Lo scenario che sembra andarsi a realizzare è comunque quello che configura l’accordo misto, ovvero un ampio accordo formato da due parti: una più generale tra UE e paesi ACP, in cui si stabiliscono principi, obiettivi, linee guida da seguire; e una più specifica tra l’UE e le tre regioni ACP, per affrontare le problematiche e necessità peculiari di ciascuna, così da rendere il lavoro svolto dalle parti ancora più valido. Tuttavia, il futuro delle relazioni ACP-UE verrà discusso in modo formale tra le parti solo a partire da settembre 2018.
Note
[1] La Convenzione di Cotonou è un accordo bilaterale tra l’Unione europea e il gruppo degli stati dell’Africa, dei Caraibi e del Pacifico, firmata a Cotonou, in Benin, il 23 giugno 2000. La convenzione prende il posto della precedente Convenzione di Lomé nel gestire i rapporti di cooperazione allo sviluppo tra i paesi ACP e i paesi dell’Unione europea.

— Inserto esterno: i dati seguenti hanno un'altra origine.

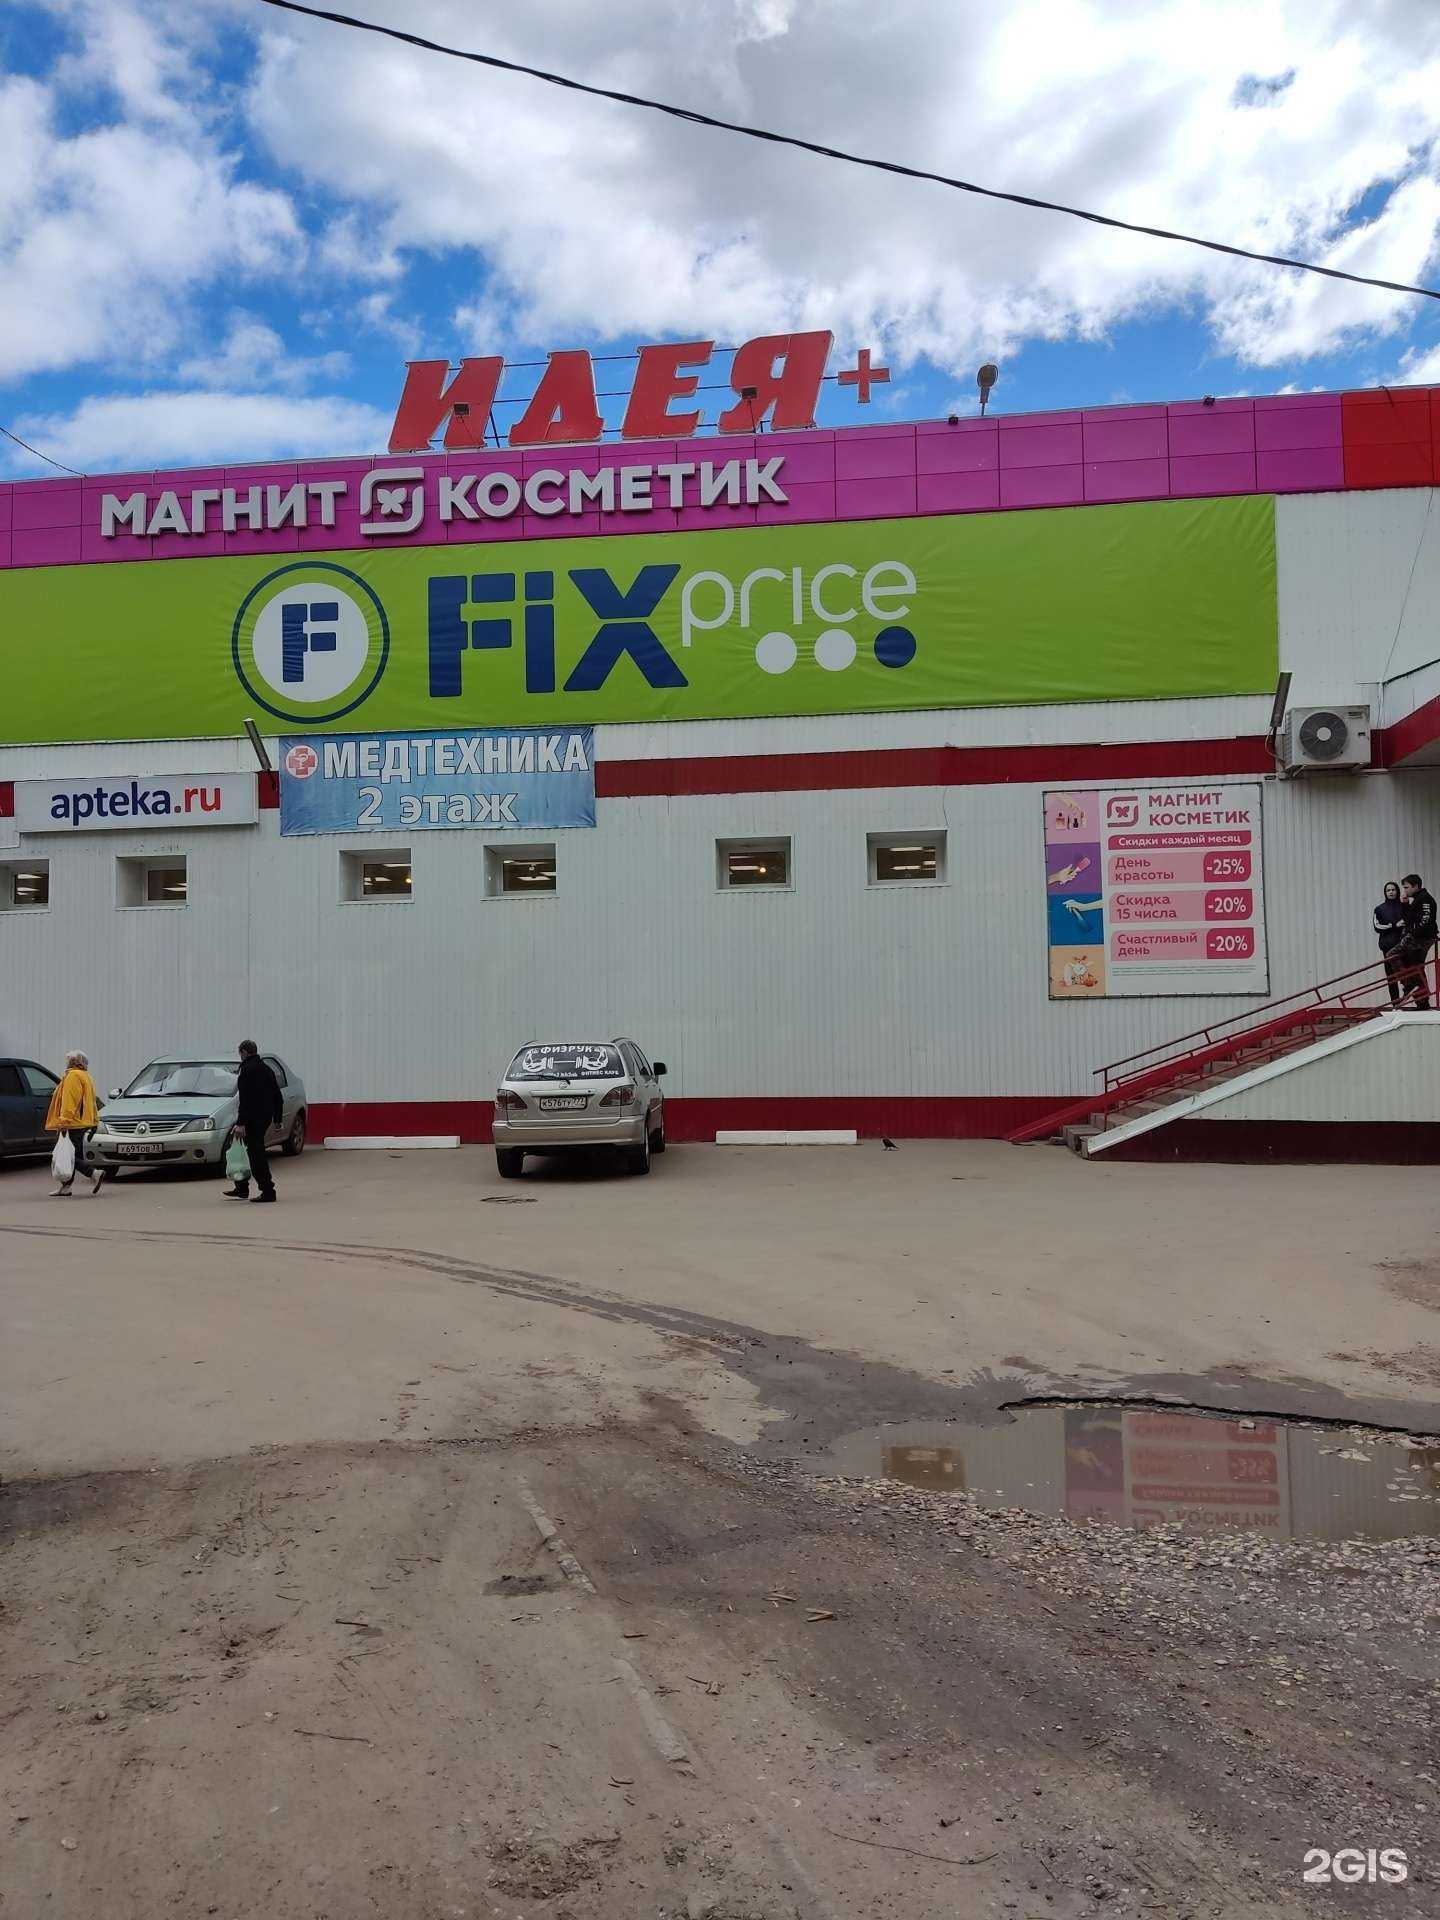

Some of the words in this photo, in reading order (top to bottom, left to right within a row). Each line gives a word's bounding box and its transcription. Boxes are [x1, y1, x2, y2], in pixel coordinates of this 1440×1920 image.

[2]Il Gruppo degli stati dell’Africa, dei Caraibi e del Pacifico (abbreviato in ACP) è un’organizzazione internazionale formata dai paesi in via di sviluppo che partecipano al sistema di partenariato e cooperazione con l’Unione europea istituito dalla Convenzione di Lomé del 1975 e confermato dalla Convenzione di Cotonou del 2000. Il numero dei paesi ACP è passato da 46 nel 1975 a 79 nel 2012 (48 paesi dell’Africa subsahariana, 16 dei Caraibi e 15 del Pacifico). Oltre alla loro partecipazione allo stesso sistema di partenariato, i paesi ACP sono uniti da istituzioni comuni e da un segretariato permanente.
[3] Il Fondo europeo di sviluppo (FES) rappresenta lo strumento principale degli aiuti comunitari per la cooperazione allo sviluppo con gli Stati ACP, nonché con i paesi e territori d’oltremare (PTOM). Il trattato di Roma del 1957 ne aveva previsto la creazione per la concessione di aiuti tecnici e finanziari, inizialmente ai paesi africani all’epoca ancora colonizzati e con i quali alcuni Stati hanno avuto dei legami storici. http://www.eubuilders.eu/focus-paese/paesi-fes/
[4] La Banca europea per gli investimenti o BEI (Banque européenne d’investissement, European Investment Bank – EIB) è l’istituzione finanziaria dell’Unione europea creata nel 1957, con il Trattato di Roma, per il finanziamento degli investimenti atti a sostenere gli obiettivi politici dell’Unione. https://europa.eu/european-union/about-eu/institutions-bodies/european-investment-bank_it
[5]Gli Accordi di Partenariato Economico o APE (Economic Partnership Agreement), sono accordi commerciali per lo sviluppo del libero scambio tra l’UE e paesi noti con l’acronimo ACP (Africa, Caraibi e Pacifico). La trattativa è ancora in corso in alcuni paesi, ma altri hanno firmato accordi provvisori (Botswana, Swaziland, Lesotho, Mozambico in Africa del Sud, Camerun in Africa centrale e la Costa d’Avorio in Africa occidentale) o completa (Caraibi) (2009). Questi accordi, che verranno stipulati ogni 5 anni, puntano a ridefinire le regole commerciali tra i due gruppi di paesi. Nascono in alternativa agli accordi multilaterali o bilaterali tra stati.
[6] L’art. 5 sosteneva che l’individuo è al centro delle strategie di sviluppo attuate e deve vedersi riconosciuti e garantiti tutti i diritti umani fondamentali, i diritti civili e politici, economici, sociali e culturali.